Réfléchis, Zéro. Qui, à ta connaissance, trempe là-dedans ? Le secrétaire de la défense, le vice-président, des membres du congrès, une poignée de sénateurs, des membres de la NSA, du Conseil de la Sécurité Nationale et même de la CIA… Des noms et des visages traversèrent son esprit comme dans une liste déroulante. Zéro inspira d’un coup, tandis qu’une céphalée de tension commençait à se former à l’avant de son crâne. Il avait enquêté sur bon nombre d’entre eux et même trouvé quelques preuves dont il avait enfermé les documents dans son coffre-fort d’Arlington, mais il craignait fort que ce ne soit pas suffisant pour réellement prouver ce qui était en train de se passer.

Son téléphone mobile se mit à sonner dans sa poche mais il décida de ne pas répondre.

Pourquoi maintenant ? Il n’avait pas besoin de ses nouveaux souvenirs pour répondre à cette question-là. C’était une année électorale. Dans un peu plus de six mois, Pierson serait soit réélu pour un second mandat ou alors remplacé par un Démocrate. Et rien ne susciterait plus de soutien qu’une campagne réussie contre un ennemi hostile.

Il était certain que Pierson ne faisait pas partie du complot. D’ailleurs, Zéro se souvint tout à coup que Pierson, lors de sa première année au pouvoir, avait signé un décret pour diminuer la présence militaire américaine en Irak et en Iran. Il était opposé à une nouvelle guerre au Moyen Orient sans provocation… raison pour laquelle ceux qui œuvraient dans l’ombre avaient besoin d’un catalyseur comme la Confrérie.

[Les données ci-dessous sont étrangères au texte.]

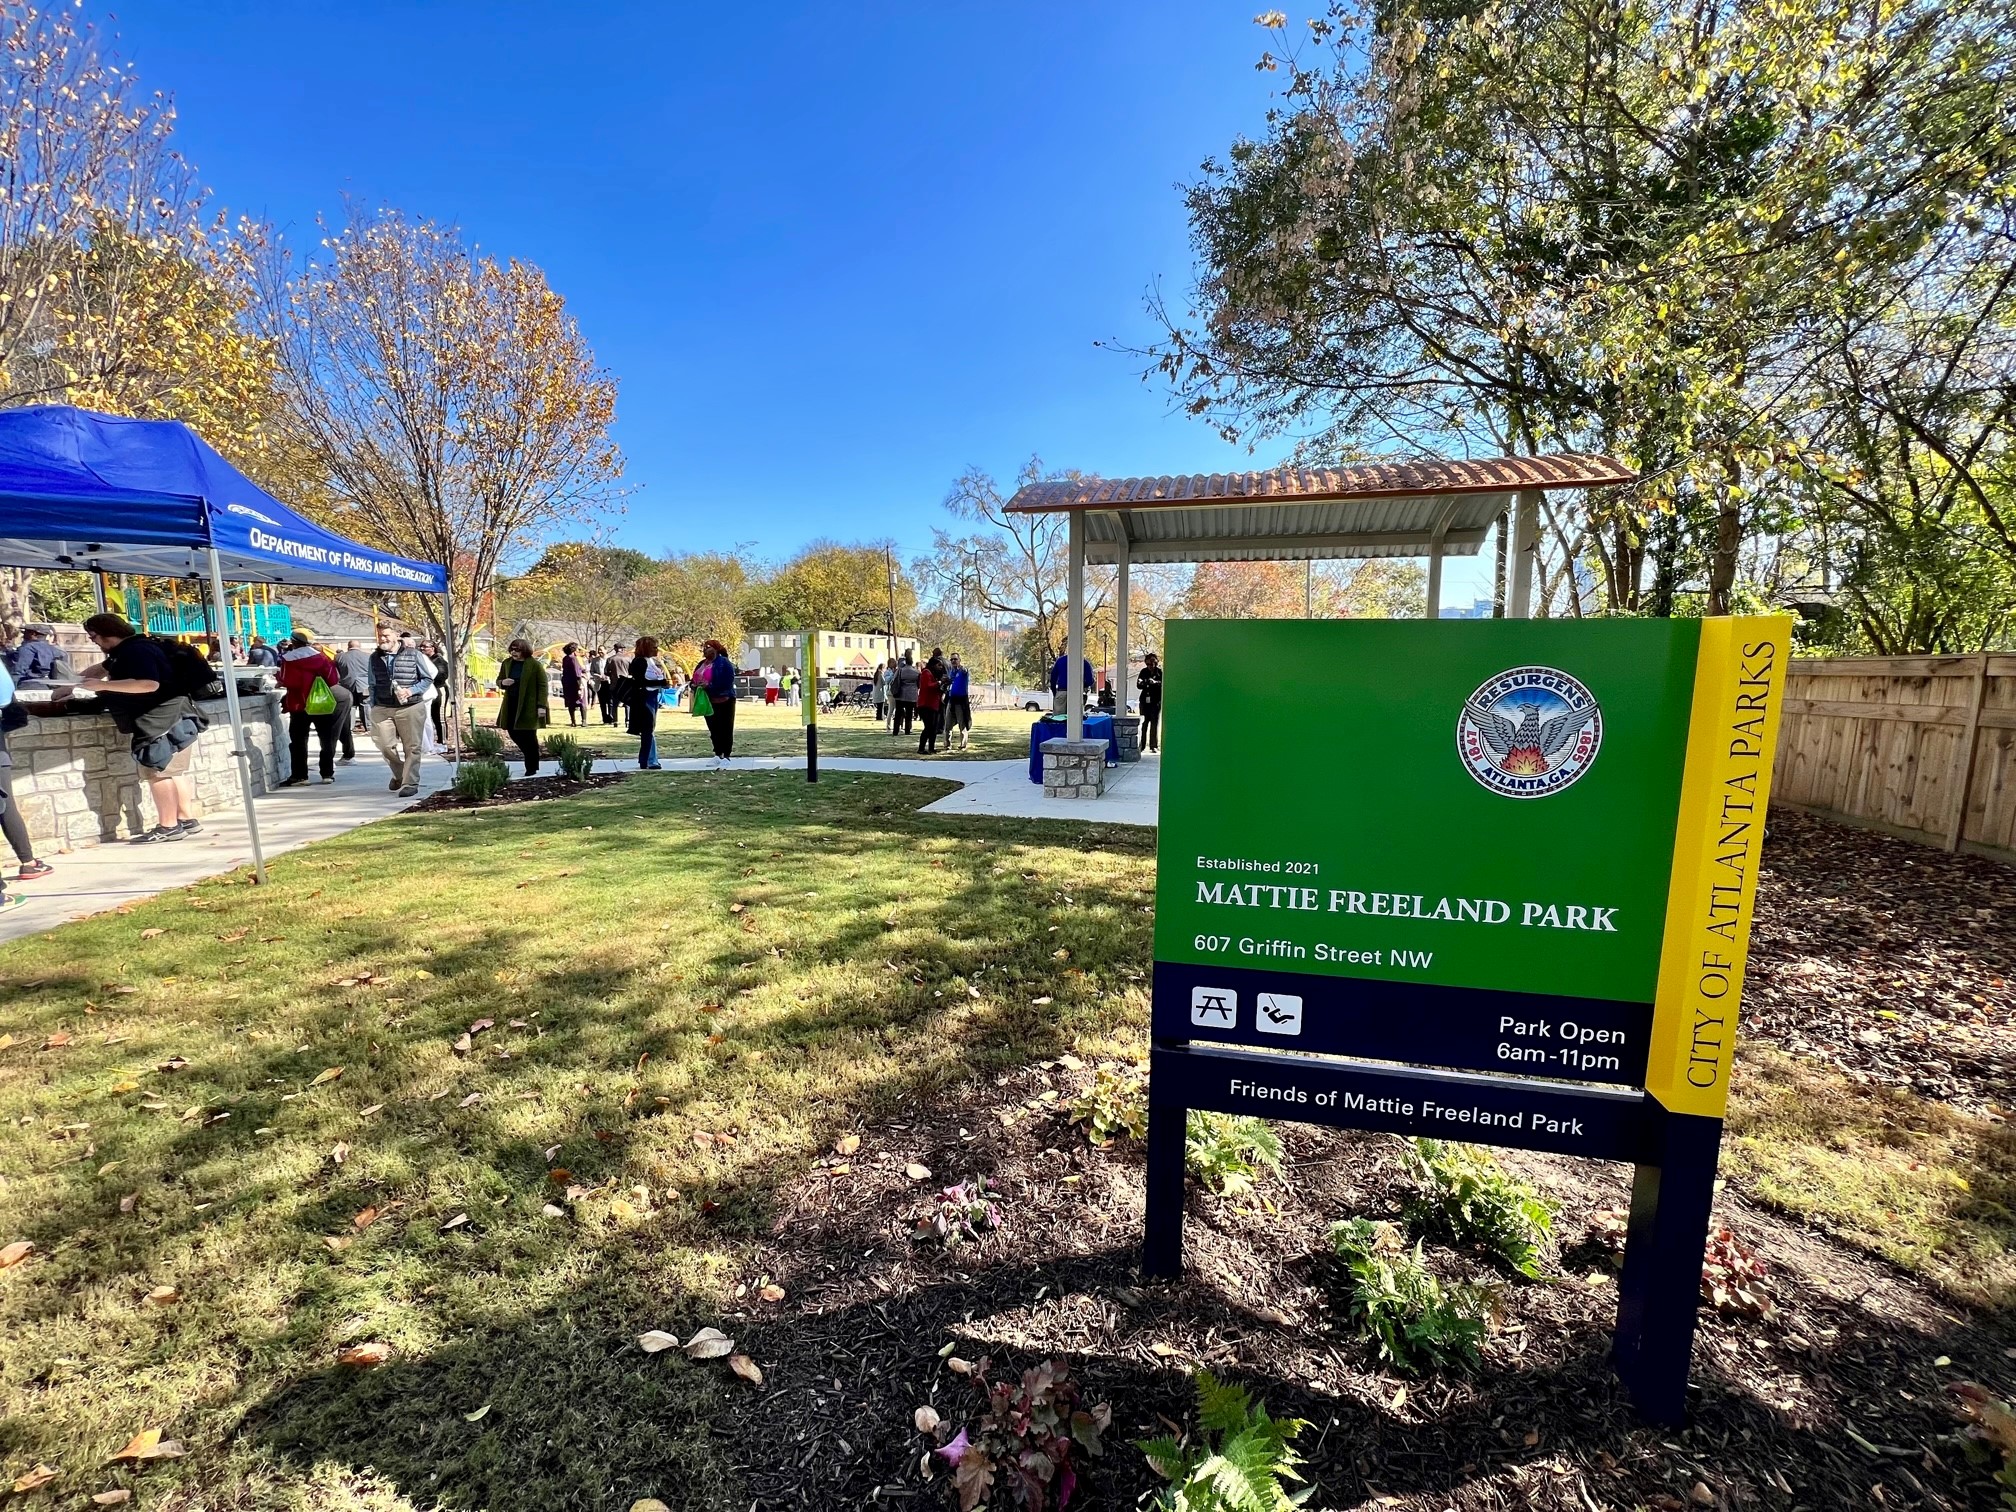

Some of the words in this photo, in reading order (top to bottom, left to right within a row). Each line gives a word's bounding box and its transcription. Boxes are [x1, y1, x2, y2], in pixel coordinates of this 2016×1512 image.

[250, 528, 327, 564] DEPARTMENT
[328, 552, 342, 566] OF
[343, 552, 372, 573] PARKS
[374, 562, 391, 575] AND
[391, 562, 435, 584] RECREATION
[1476, 674, 1587, 709] RESURGENS
[1729, 641, 1775, 759] PARKS
[1466, 730, 1483, 762] 1847
[1572, 730, 1592, 763] 1865
[1197, 856, 1280, 873] Established
[1285, 861, 1319, 875] 2021
[1706, 771, 1757, 943] ATLANTA
[1195, 881, 1319, 911] MATTIE
[1327, 889, 1511, 924] FREELAND
[1520, 902, 1619, 932] PARK
[1194, 934, 1231, 952] 607
[1238, 937, 1306, 959] Griffin
[1314, 943, 1382, 965] Street
[1390, 949, 1433, 969] NW
[1699, 950, 1733, 999] OF
[1499, 1016, 1551, 1038] Park
[1559, 1021, 1625, 1045] Open
[1686, 1007, 1724, 1088] CITY
[1496, 1042, 1619, 1071] 6am-11pm
[1230, 1079, 1308, 1103] Friends
[1315, 1090, 1338, 1107] of
[1344, 1092, 1414, 1116] Mattie
[1422, 1101, 1523, 1129] Freeland
[1532, 1113, 1583, 1136] Park

Et pendant que les USA diminuaient leur présence, les russes augmentaient la leur. Maria avait mentionné le fait que les ukrainiens s’inquiétaient que la Russie tente de s’emparer de sites de production de pétrole dans la Mer Noire. C’était la raison pour laquelle elle s’était prudemment alliée à eux afin de partager des informations. Les conspirateurs américains étaient de mèche avec les russes. Les USA auraient le détroit et les russes obtiendraient la Mer Noire. Les États-Unis ne feraient rien pour empêcher la Russie d’atteindre ses objectifs, et la Russie répondrait de la même façon, peut-être même en les soutenant au Moyen Orient.

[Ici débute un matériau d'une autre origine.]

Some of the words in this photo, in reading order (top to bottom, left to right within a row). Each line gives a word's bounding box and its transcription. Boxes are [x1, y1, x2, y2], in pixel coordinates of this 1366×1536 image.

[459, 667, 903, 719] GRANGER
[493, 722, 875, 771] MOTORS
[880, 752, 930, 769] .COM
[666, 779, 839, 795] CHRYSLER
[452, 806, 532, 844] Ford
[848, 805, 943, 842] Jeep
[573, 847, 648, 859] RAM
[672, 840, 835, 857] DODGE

Deux des super-puissances mondiales deviendraient plus riches, plus puissantes et quasiment inarrêtables. Et tant qu’elles demeureraient en paix ensemble, il n’y aurait personne pour s’opposer à elles.

Son téléphone sonna à nouveau. C’était un appel en inconnu. Il se demanda un bref instant s’il pouvait s’agir du Directeur Adjoint Cartwright. Le patron direct de Zéro à la Division des Activités Spéciales de la CIA avait été étrangement absent lors de la réunion dans le Bureau Ovale avec le Président Pierson. Des obligations professionnelles l’avaient peut-être retenu, mais Zéro avait des doutes. Toutefois, l’appelant (ou les appelants) n’avait pas laissé de message vocal et Zéro se fichait pas mal de qui pouvait vouloir le joindre à la CIA.

Alors qu’ils se rapprochaient de sa maison de Spruce Street, il passa deux appels. Le premier fut pour l’Université de Georgetown. “C’est le Professeur Reid Lawson. J’ai bien peur d’avoir attrapé un virus. Ce doit être la grippe. Je vais aller voir le médecin aujourd’hui. Pouvez-vous demander au Dr. Ford s’il est disponible pour assurer mes cours ?”

Le deuxième appel fut pour le Third Street Garage.

“Ouais,” répondit le type sur un ton bourru.

“Mitch ? C’est Zéro.”

“Mmh,” grommela le mécanicien comme s’il s’était attendu à son appel. Mitch était un homme qui parlait peu. C’était également une ressource de la CIA qui avait aidé Zéro quand il avait eu besoin de sortir ses filles des griffes de Rais et d’un réseau de trafiquants humains.

“Quelque chose se trame. Je vais peut-être avoir besoin d’une extraction pour deux. Peux-tu rester en standby ?” Les mots sortirent de sa bouche comme s’ils étaient bien rodés… parce que c’était le cas, se dit-il, même s’il ne les avait pas prononcés depuis un bout de temps. Il ne pouvait pas risquer de le demander à Watson ou Strickland : ils étaient probablement surveillés tout autant que lui. Mais Mitch opérait en dehors des radars.

“Compte sur moi,” se contenta de dire Mitch.

“Merci. Je te rappelle.” Il raccrocha. Son premier instinct lui dictait d’emmener ses filles immédiatement dans une planque sécurisée, mais tout changement dans leur emploi du temps habituel ne ferait qu’éveiller les soupçons. L’extraction de Mitch était une mesure de sécurité au cas où il aurait des raisons de croire que les vies de ses filles seraient en danger imminent. Et malgré l’inquiétude suscitée par son sentiment accru de paranoïa, il avait de nombreuses raisons de penser que c’était justifié.

Sa maison de deux étages se trouvait à l’angle d’un lotissement du quartier résidentiel d’Alexandria. De l’autre côté de la rue, se trouvait une maison vacante actuellement à la vente. C’était l’ancienne résidence de David Thompson, agent de terrain de la CIA à la retraite qui avait été tué dans l’entrée de chez Zéro.

Il ouvrit la porte et saisit rapidement le code de sécurité du système d’alarme. Il avait configuré le système pour que ce code soit saisi à chaque fois que quelqu’un entrait ou sortait, peu importe qui se trouvait à la maison à ce moment-là. Si le code n’était pas entré dans les soixante secondes suivant l’ouverture de la porte, une alarme sonnait et la police locale était alertée. En plus du système d’alarme, il y avait des caméras de sécurité, à la fois dehors et dedans, des verrous aux portes et aux fenêtres, ainsi qu’une salle de crise au sous-sol avec une porte de sécurité en acier.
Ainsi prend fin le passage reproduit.